I remember the very moment I first thought of building a house. It was spring in 2005. After spending the last two years in a constant battle with DSHS to retain our temporary state disability while applying for federal benefits, both Jeremy and I had just received notification our battle was won. We had both been approved for social security disability after appealing our case before a kind judge. We began looking forwards to three years worth of back payments and the ability to have a steady income once more.

More importantly, we began to dream.

Jeremys dad was agreeable to the idea of us using a small portion of his property to build a house on. At the time, the location was a cute little clearing near enough to the driveway to allow easy building. We spent hours out there each week, sitting and dreaming of the house we would soon be living in. Because in those days, everyone told us it would be an easy place to build, mere weeks to finish after all the permits were approved.

To build a house seems a daunting task, and indeed it should have seemed even more so due to how severely ill we both are. Nonetheless, I took up the project with great zeal and an incredible desire to finally have a real home.
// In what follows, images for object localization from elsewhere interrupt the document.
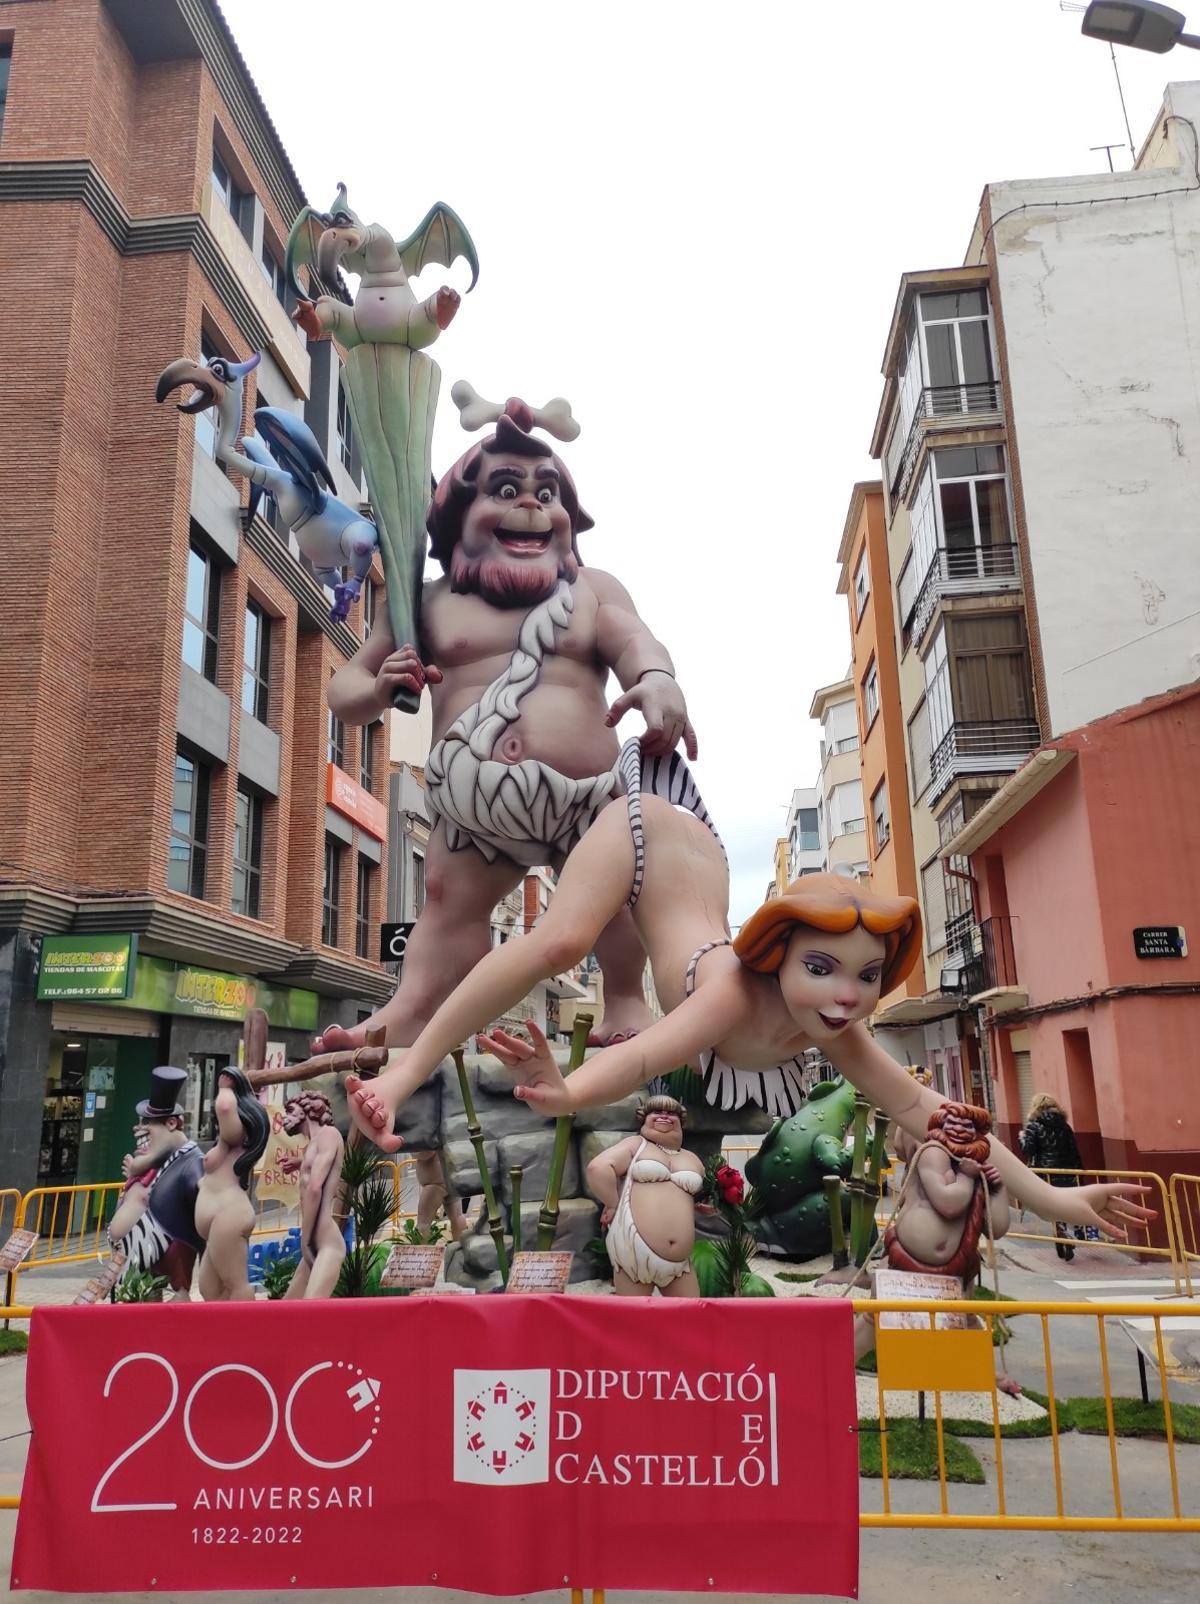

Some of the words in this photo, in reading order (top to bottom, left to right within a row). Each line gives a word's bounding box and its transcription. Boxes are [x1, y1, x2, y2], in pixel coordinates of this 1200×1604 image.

[1144, 938, 1169, 946] SANTA
[556, 1363, 764, 1402] DIPUTACIÓ
[555, 1447, 766, 1487] CASTELLÓ
[193, 1486, 374, 1510] ANIVERSARI
[191, 1527, 303, 1544] 1822-2022
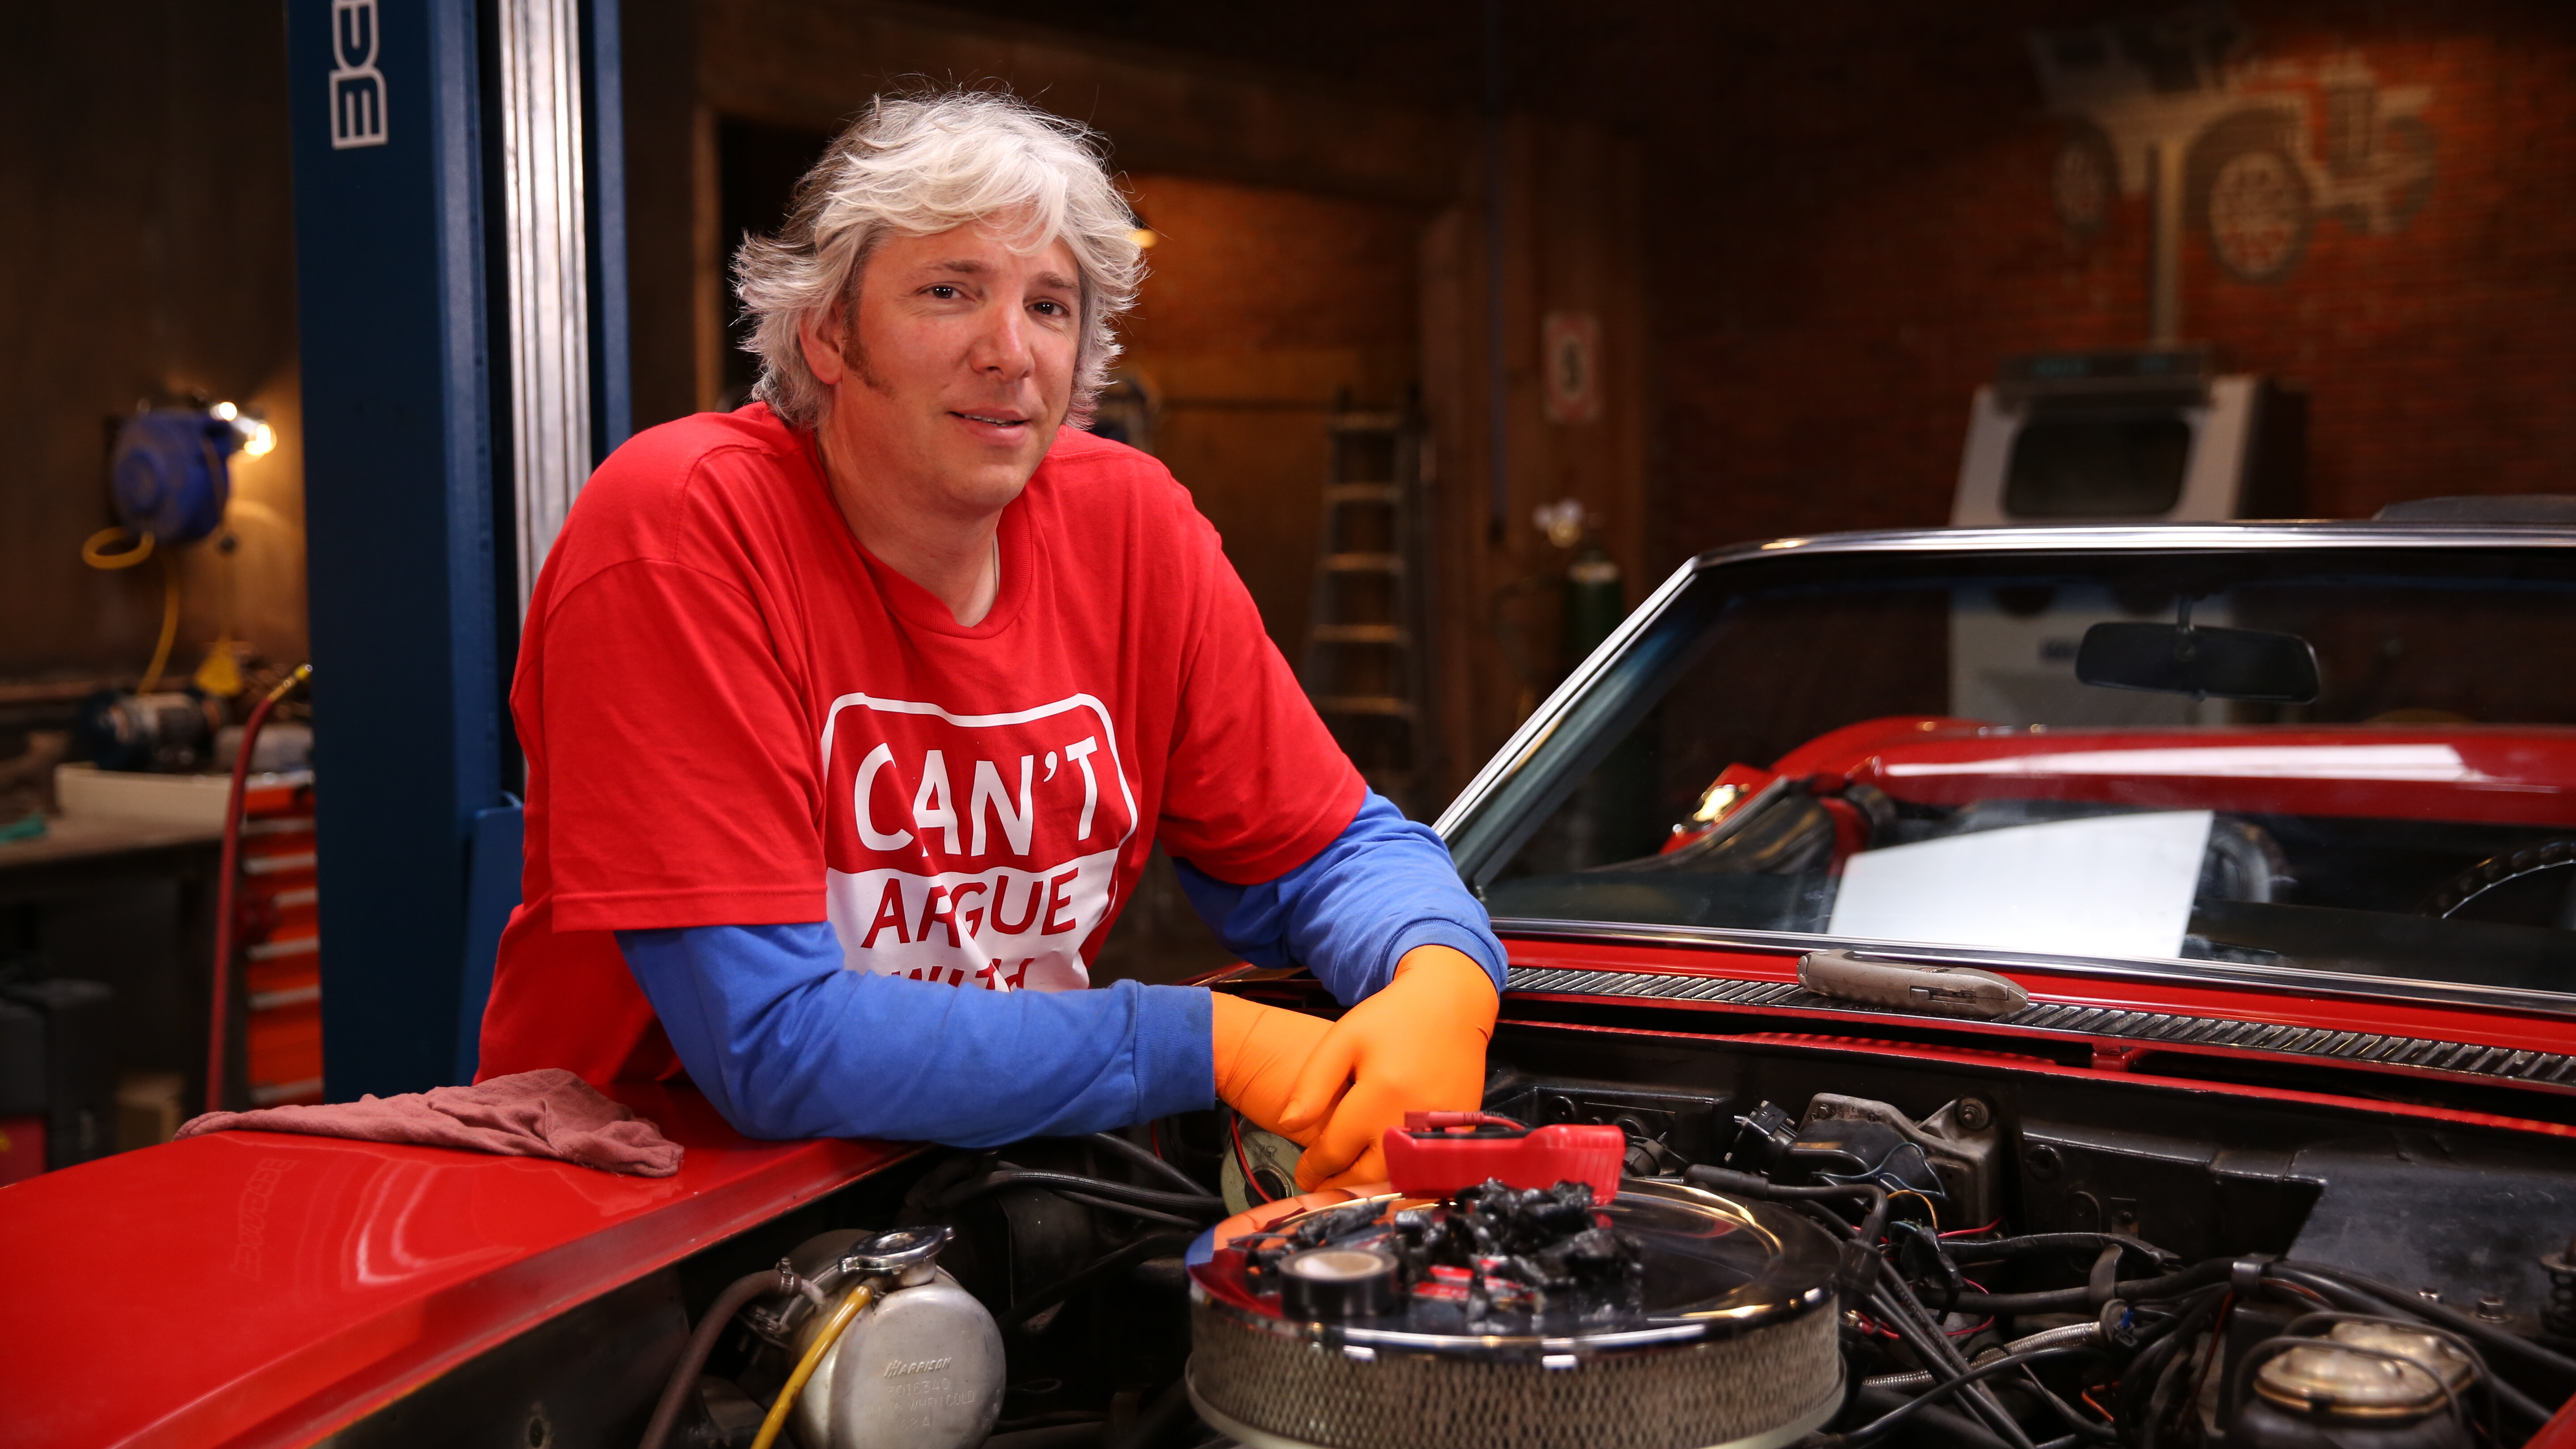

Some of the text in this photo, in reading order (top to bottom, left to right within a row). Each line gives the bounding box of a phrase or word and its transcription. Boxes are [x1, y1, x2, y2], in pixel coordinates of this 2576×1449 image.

As the weeks rolled by and became months, we had still made very little progress. Working on a shoestring budget as we were, we had tried to build very small and very much under budget. Conventional building materials were not an option as they are far too toxic for our bodies to handle now. This was how we came to build a load-bearing straw bale house, a hope for less toxicity. It is also the first one approved for building in our county. Given the nature of what we were trying to build, we had few options for contractors. Because of this we tried working with independent contractors and professionals who though unlicensed, showed a great willingness to make our dream of living in a safe house a reality.

Promises of meeting budgets and MCS needs filled the air, only to later be blown away on the breeze.

It is absolutely incredible the number of people willing to take advantage of a severely ill couple living in a tent. Astounding even. It eventually all came down to money. They wanted more than the agreed upon prices in the contracts to continue working and we refused to be strong armed into paying more. I do not understand people who think that way, and perhaps that is ultimately what led to our being deceived by them in the first place. Or perhaps they had originally meant to keep the promises they uttered, but after the initial shock of finding two people homeless in the woods had faded, they began to think more of their pocketbooks than of being kind and gentle people.

Whatever the reasons, four and a half years later our house still sits without us in it, lonely and waiting to be completed. The years have left us with little resources to finish building, no contractors whom we can trust, and a home no longer safe for us to be within twenty feet of it for longer than a few minutes. Out of options and out of resources, I dont know how we will ever get this done. But what I do know is that every day sees me out there looking at my unfinished and toxic house and trying to will it from the very depths of my being to become the finished, toxic free house that I have always dreamed it could be.